Letter from the editors
The Editors
Issue 22
Becca: I’m truly so excited to have all of you on board at Triangle House. It’s so crazy that for the past three years, it’s pretty much been me and Monika running this entire little operation, and now we have a much wider swath of humans and it’s like...I really can’t even imagine the amazing possibilities that opens up! Thinking back on when we started the review, something I thought about a lot was like: why. You know, there’s lots of lit mags out there, there’s lots of vessels for work (although of course there are also vessels of work shuttering daily…) anyway, what is your WHY? Why did you want to get involved with Triangle House specifically, but also why do you want to be a part of a container that puts work out into the world in general?
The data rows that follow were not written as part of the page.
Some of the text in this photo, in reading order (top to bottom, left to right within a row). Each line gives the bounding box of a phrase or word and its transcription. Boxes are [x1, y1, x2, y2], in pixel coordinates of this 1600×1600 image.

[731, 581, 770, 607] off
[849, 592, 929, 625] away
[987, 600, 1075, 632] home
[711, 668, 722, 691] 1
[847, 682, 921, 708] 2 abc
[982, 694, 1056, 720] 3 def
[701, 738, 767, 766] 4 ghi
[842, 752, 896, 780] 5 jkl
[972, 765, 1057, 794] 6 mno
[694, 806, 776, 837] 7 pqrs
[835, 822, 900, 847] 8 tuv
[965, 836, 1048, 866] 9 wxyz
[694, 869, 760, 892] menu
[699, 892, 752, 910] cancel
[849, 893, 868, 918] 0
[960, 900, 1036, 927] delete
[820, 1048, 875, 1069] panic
Thea: Ok, so confession. I learned about Monika and Triangle House about two years ago when I was reading her interview on GAL and she was speaking about her job as a literary agent and that she’d started a magazine as a way to make something. The whole setup was so cool and there were a million books, hard wood floors, and an adorable cat. It just stuck in my mind. So cut to 2020 when I meet Monika at Tin House, interview her and Becca, and then get to join the rest of the crew!
I can’t wait to make something with other writers and creators. I mean making something is the ultimate way to fight against the man? (In addition to voting, supporting women, supporting black women, dismantling white supremacy, etc.) It’s like we’re all in this world which at once feels totally isolating but also totally connective through the interwebs. Every day feels like the apocalypse and then I’ll read a poem by Terrance Hayes or speculative fiction gem online and it’s like, yes, the world is still giving gifts. I want to be the giver, if you know what I mean.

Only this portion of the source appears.